## EXERCISE OBJECTIVE
Please print every record exactly as it stands, leaving out the pictures.

## RECORDED INFORMATION
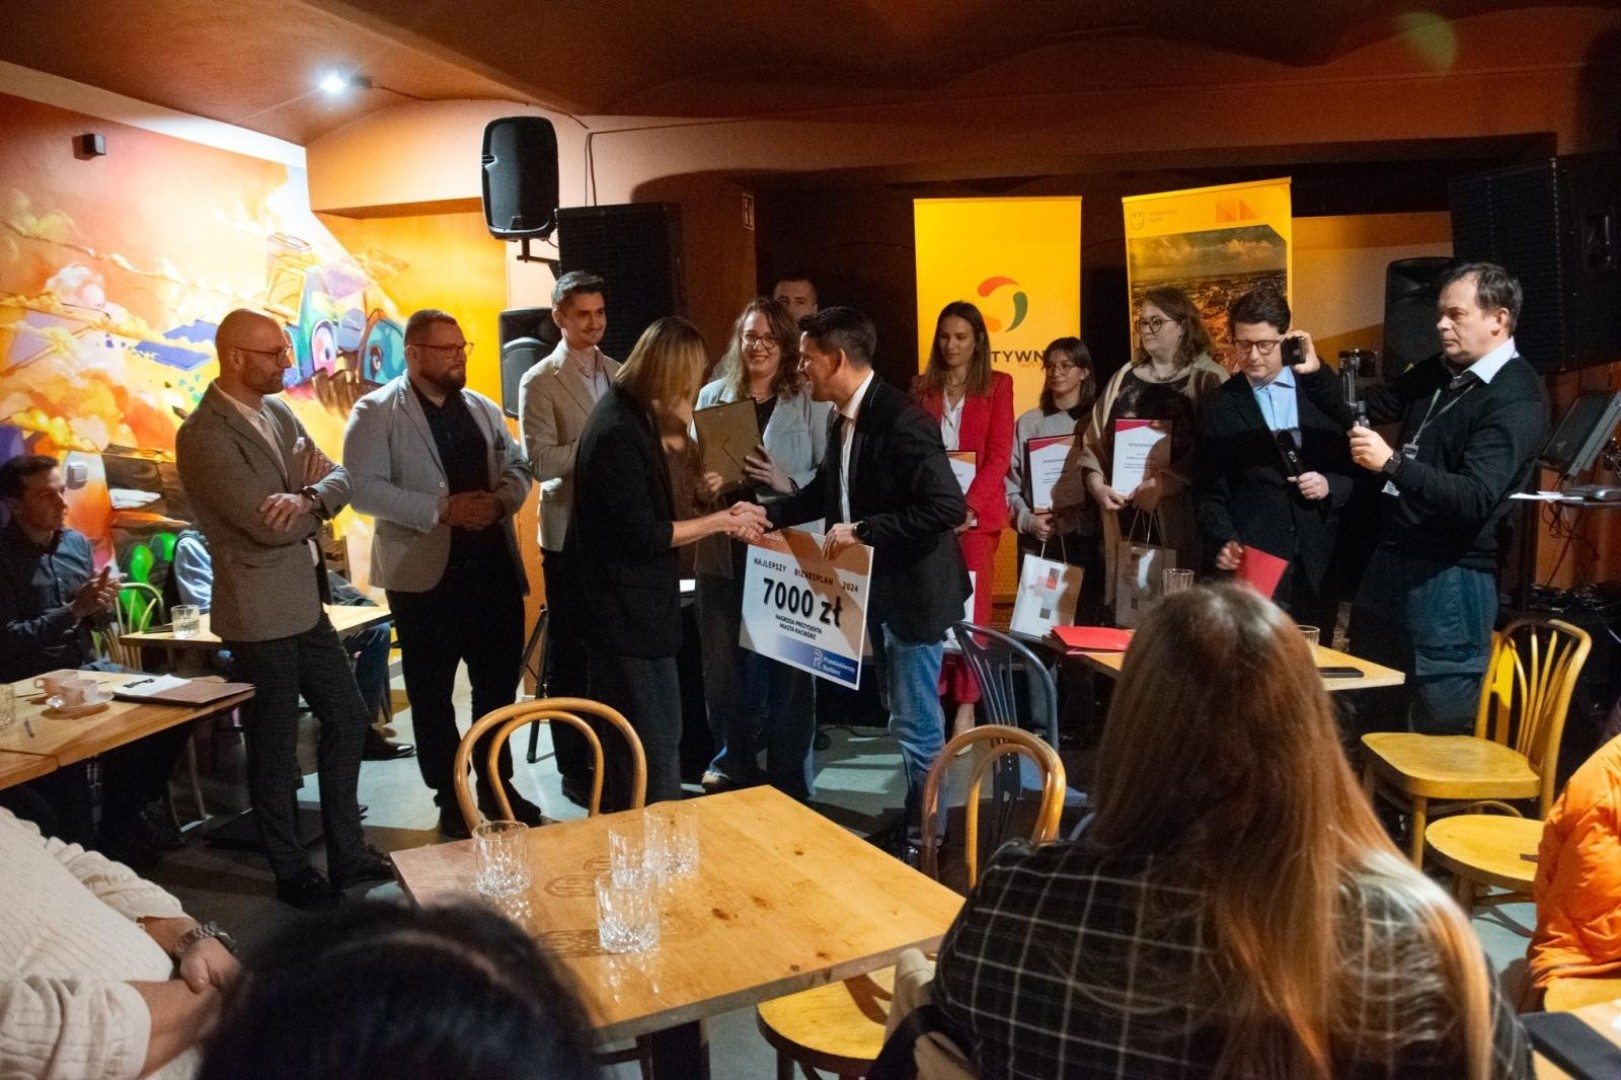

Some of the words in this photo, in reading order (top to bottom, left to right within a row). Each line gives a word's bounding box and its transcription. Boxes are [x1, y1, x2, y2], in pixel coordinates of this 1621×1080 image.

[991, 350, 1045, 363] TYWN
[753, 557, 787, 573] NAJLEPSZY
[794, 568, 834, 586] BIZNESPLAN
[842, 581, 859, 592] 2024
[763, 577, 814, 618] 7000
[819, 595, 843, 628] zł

## TASK RESULT
Some of the words in this photo, in reading order (top to bottom, left to right within a row). Each line gives a word's bounding box and its transcription. Boxes are [x1, y1, x2, y2], in pixel coordinates of this 1621×1080 image.

[991, 350, 1045, 363] TYWN
[753, 557, 787, 573] NAJLEPSZY
[794, 568, 834, 586] BIZNESPLAN
[842, 581, 859, 592] 2024
[763, 577, 814, 618] 7000
[819, 595, 843, 628] zł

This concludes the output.